SEBRAE/SC - Artigos para MPE's

 
  Data Inclusão: 18/11/2003
Autor: Jornal do Commércio
Fonte: Jornal do Commércio

Empresa deve tomar cuidados ao contratar temporários

Em função do aumento da demanda no fim do ano, a contratação de trabalhadores temporários torna-se novamente realidade nas pequenas e médias empresas.

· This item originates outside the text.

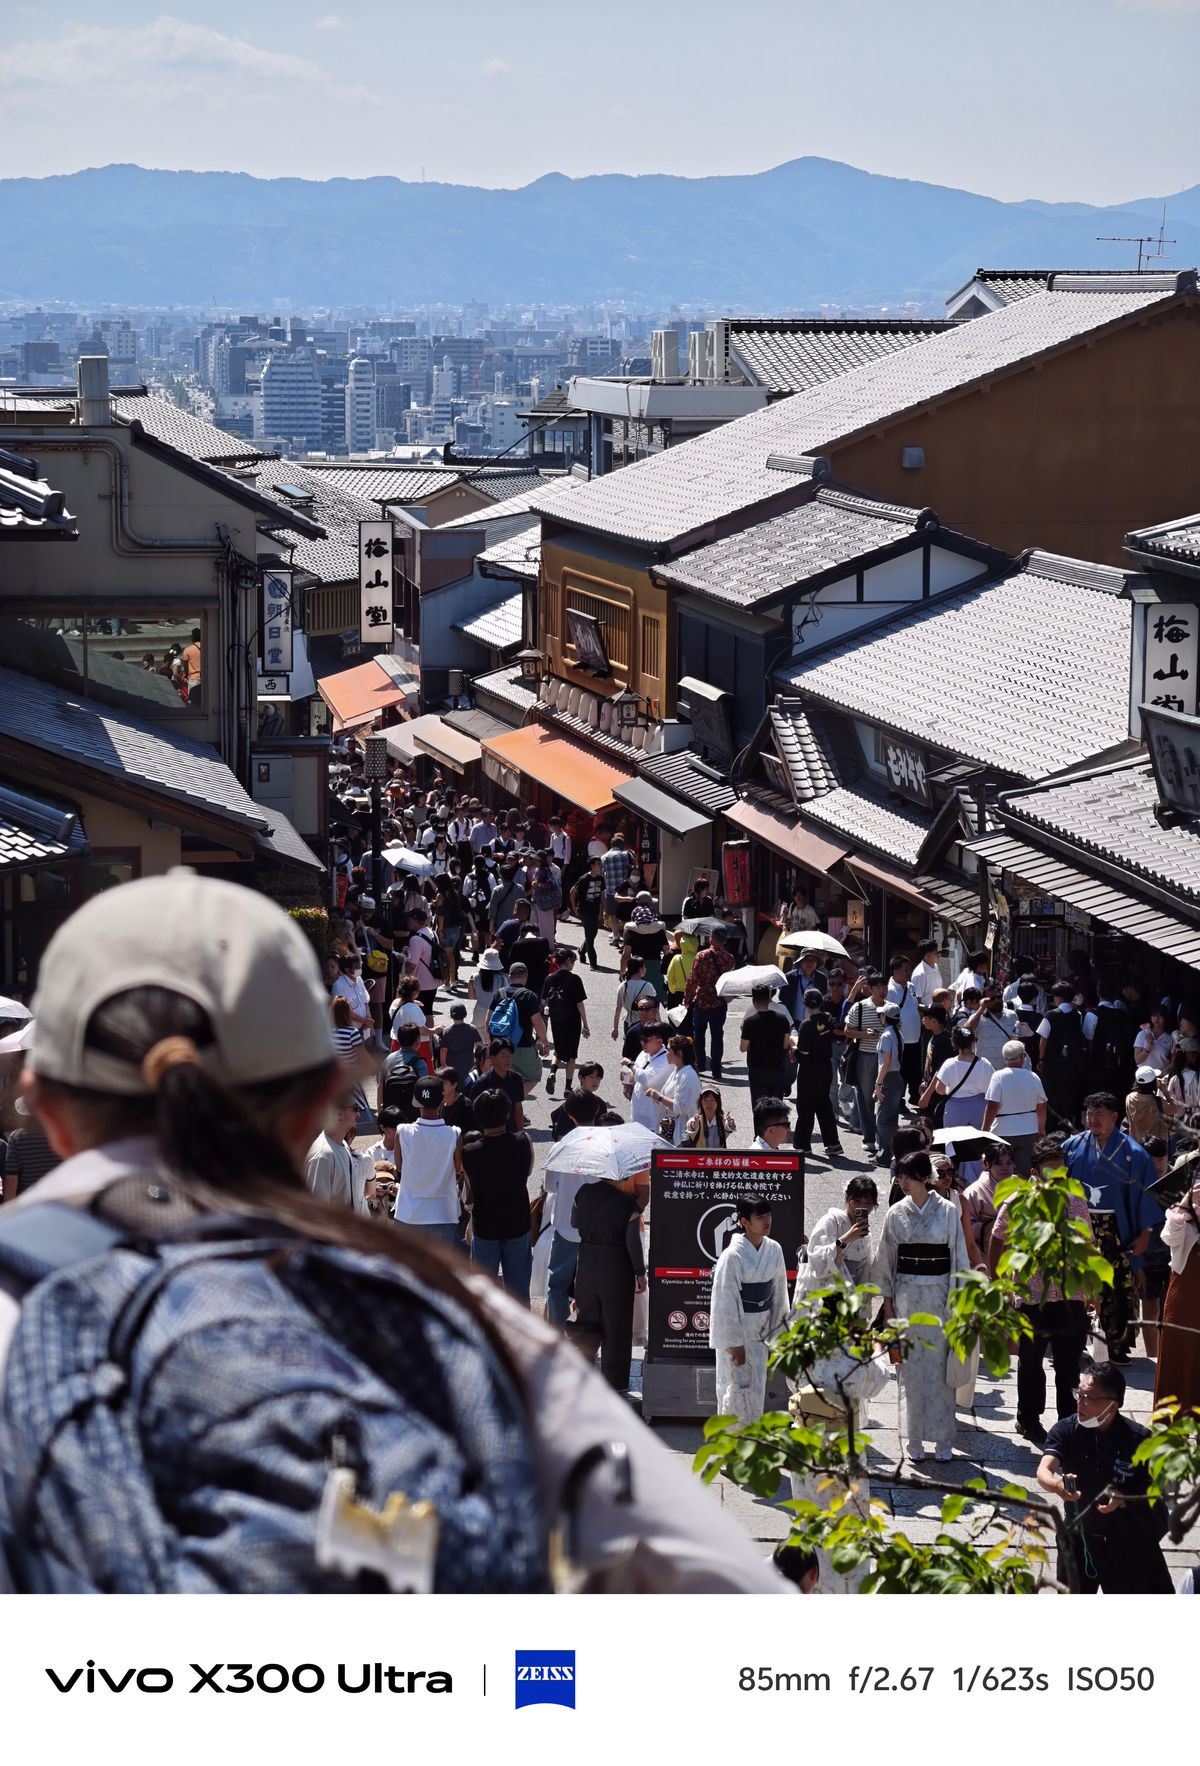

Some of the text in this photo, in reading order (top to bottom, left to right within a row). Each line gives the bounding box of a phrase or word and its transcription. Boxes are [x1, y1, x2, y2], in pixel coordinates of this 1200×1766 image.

[364, 537, 392, 628] 梅山堂
[267, 603, 283, 664] 朝日堂
[697, 1157, 760, 1167] ご参拝の皆様へ

Antes de optar por ela, porém, é fundamental tomar alguns cuidados para garantir o bom desempenho do serviço e evitar processos trabalhistas.

Ainda que contratados por tempo determinado, os funcionários temporários têm direitos e, quando as regras são descumpridas, o ônus fica com o contratante.

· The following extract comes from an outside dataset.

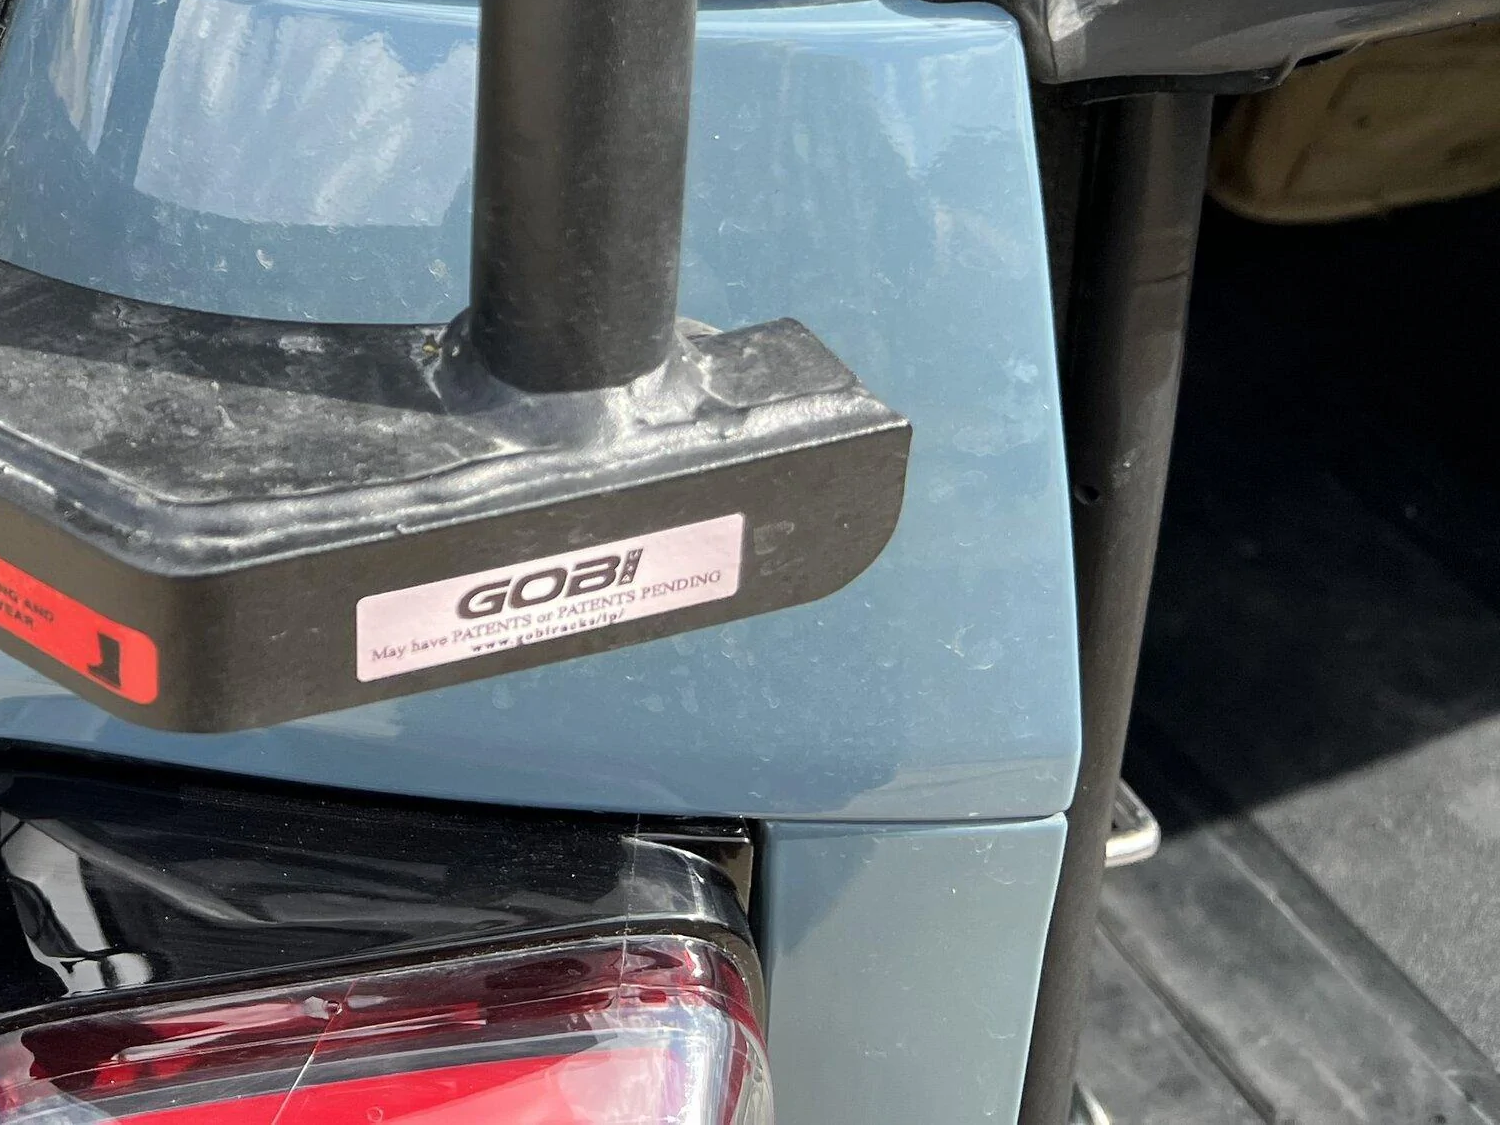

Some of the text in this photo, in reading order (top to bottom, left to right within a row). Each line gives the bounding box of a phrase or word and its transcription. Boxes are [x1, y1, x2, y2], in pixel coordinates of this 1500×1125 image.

[23, 598, 54, 623] AND
[371, 569, 722, 662] May have PATENTS or PATENTS PENDING
[455, 547, 644, 621] GOBI

Ao temporário são assegurados o 13. salário, férias e outros encargos, segundo legislação baseada na Lei 6.019/74. O projeto de Lei de 1998 que se refere ao assunto altera algumas normas, mas ainda não foi votado.

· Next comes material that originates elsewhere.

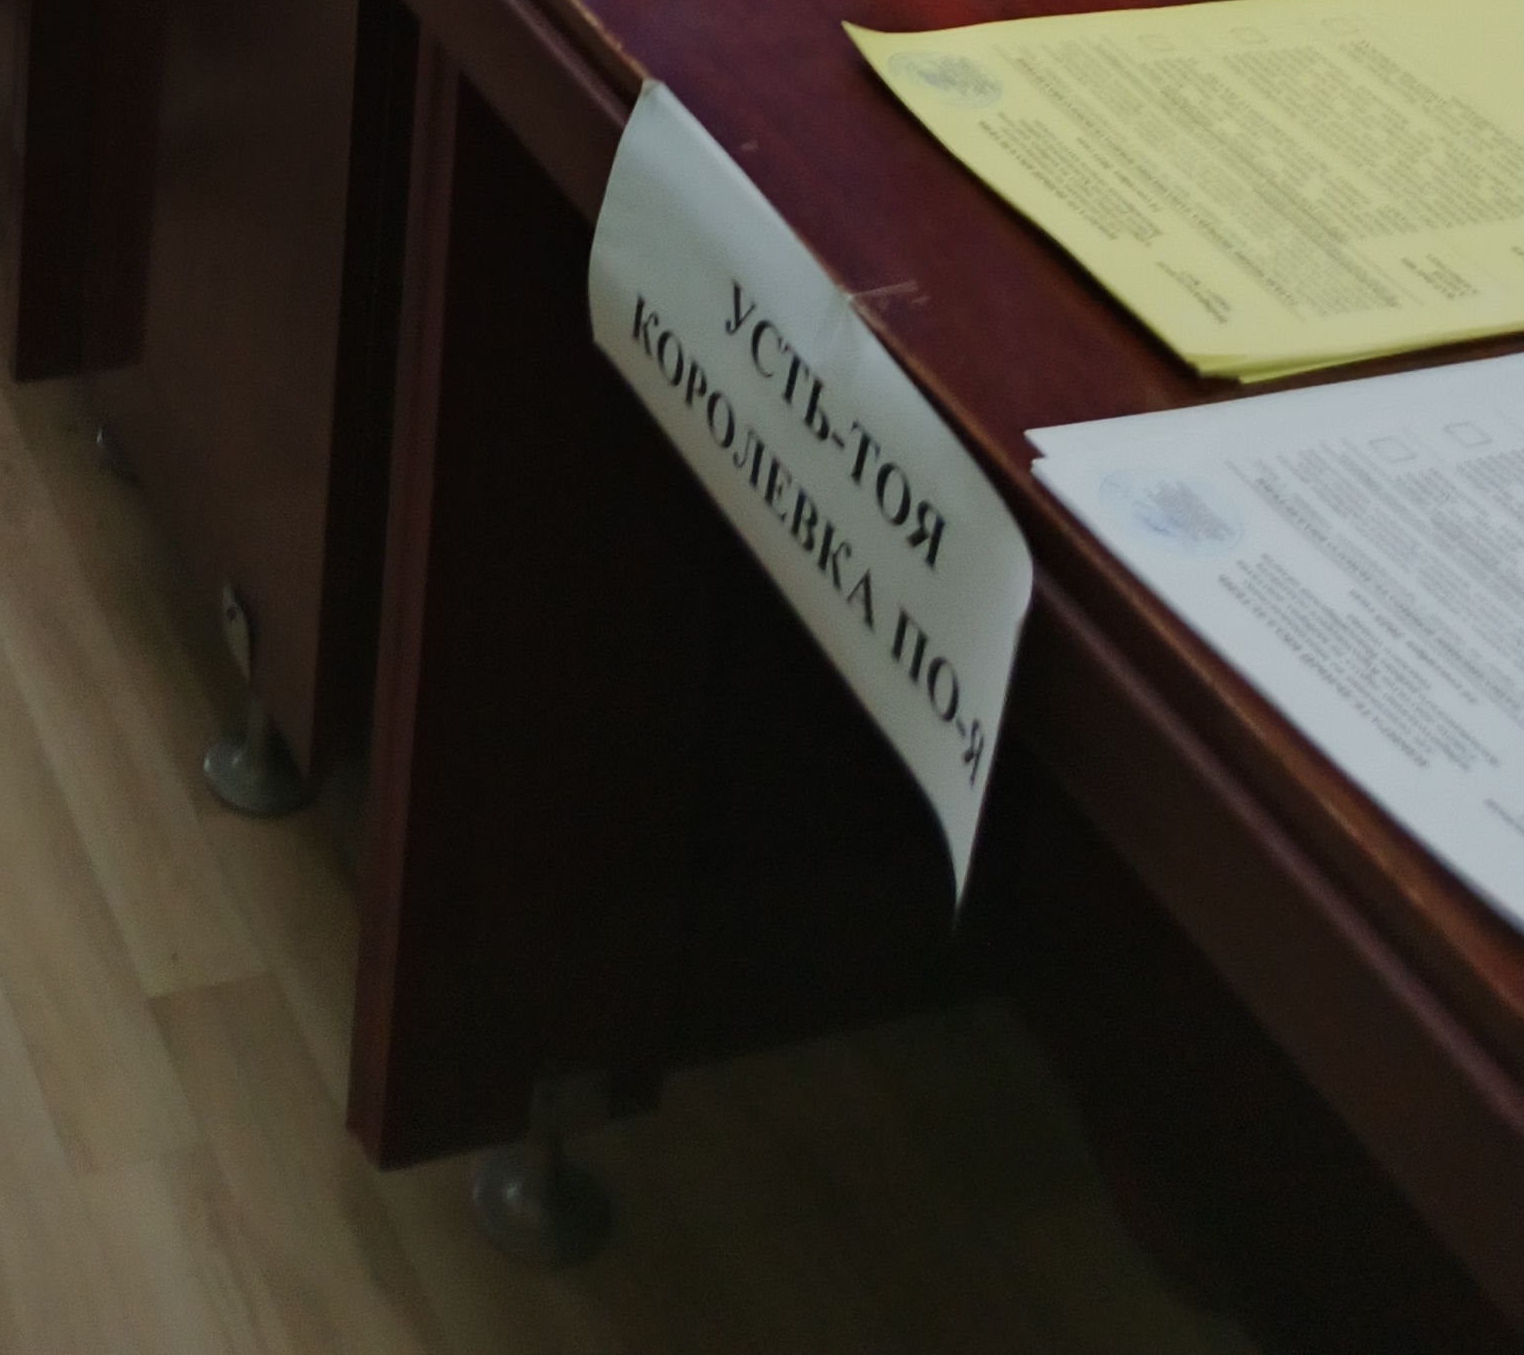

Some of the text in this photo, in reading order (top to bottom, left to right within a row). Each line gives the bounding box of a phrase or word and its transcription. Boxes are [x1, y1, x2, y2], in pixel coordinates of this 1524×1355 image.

[632, 293, 986, 787] КОРОЛЕВКА ПО-Я
[724, 278, 945, 572] УСТЬ-ТОЯ

O projeto prevê a ampliação do tempo limite para trabalho temporário. Hoje, segundo o vice-presidente da Confederação Latinoamericana de Empresas de Trabalho Temporário e Atividades Afins (Cleett&A), Ermínio Alves de Lima Neto, a contratação pode ser por três meses, com direito a renovação por mais três.

Além de conhecer as regras, o vice-presidente da Asserttem, lembra sobre a importância do contratante conhecer a idoneidade das prestadoras de serviço.

Das cerca de 3,5 mil existentes no Brasil, apenas 1,2 mil foram recadastradas pelo Ministério do Trabalho e Emprego - ou seja, estão dentro dos padrões trabalhistas e fiscais estipulados pelo Governo Federal.

Para evitar problemas, ele recomenda que empresas contratantes acessem o site do Ministério do Trabalho e Emprego (www.mte.gov.br) para verificar a situação das prestadoras.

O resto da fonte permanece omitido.